彼が言った通り、私から打ち明けてたらもっと早く付き合えてたのかもしれないし。
「……ん」
午前五時十二分、昨日と変わらぬ時間帯に私は睡眠から覚醒した。
――今日もまた一日が始まる。
と、少し前までは無理矢理にでも起き上がってお昼のお弁当の用意に取りかかっていたのだけれど、今は違う。

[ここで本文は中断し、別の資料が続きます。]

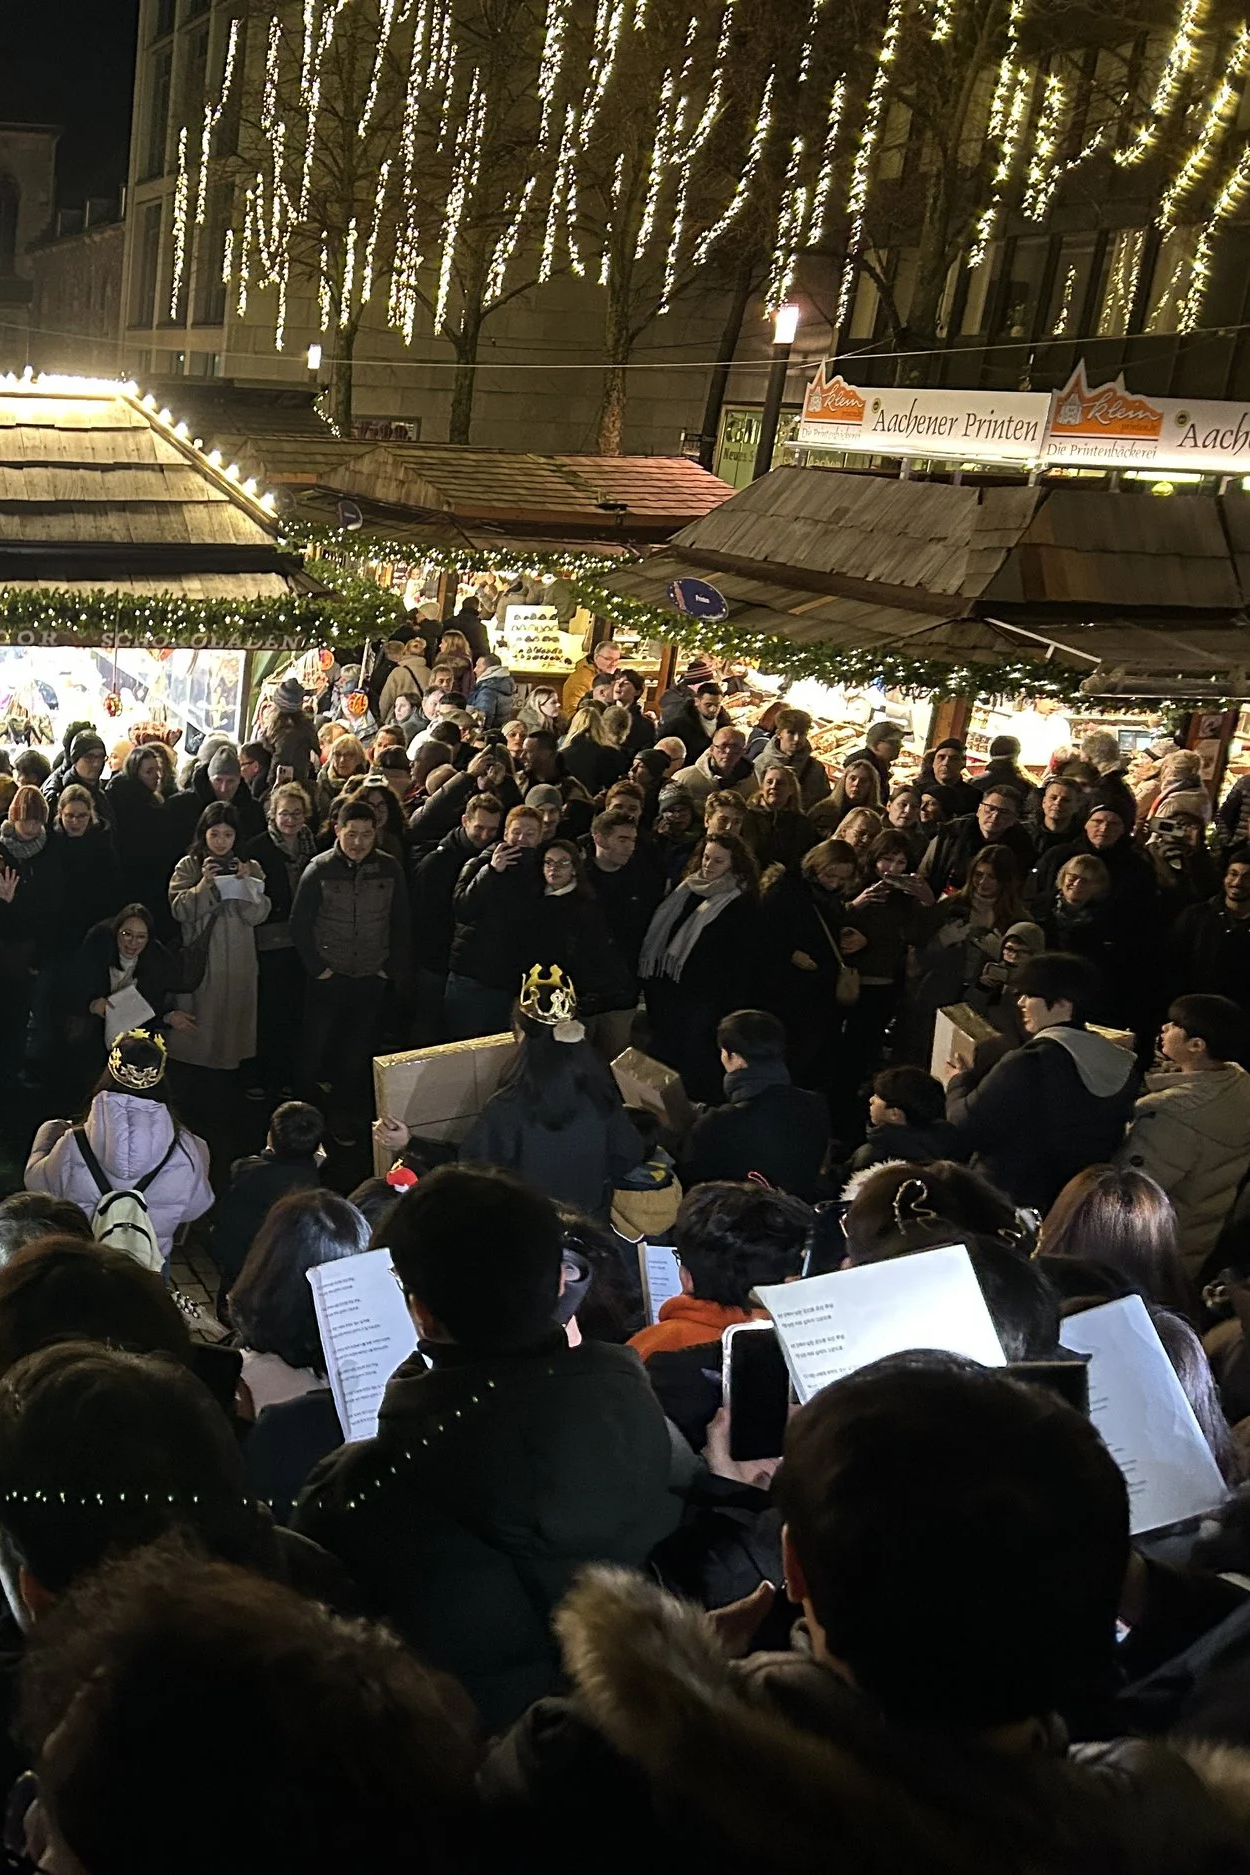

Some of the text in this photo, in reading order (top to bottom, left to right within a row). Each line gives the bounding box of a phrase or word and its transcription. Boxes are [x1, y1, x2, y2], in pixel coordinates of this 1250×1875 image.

身体を左に向けると私の恋人が寝ている。これが今の私の日常。
彼とシない日でもこうして同衾することが殆どなのでベッドを大きなサイズに買い換えたのが約二週間前のこと。以前より快適な睡眠が保障されたはずだった。
けれど布団に入れば何かしらの理由を付け寝床中央に寄り合ってる二人。それは私の方からでもあるし、彼の方からでもある。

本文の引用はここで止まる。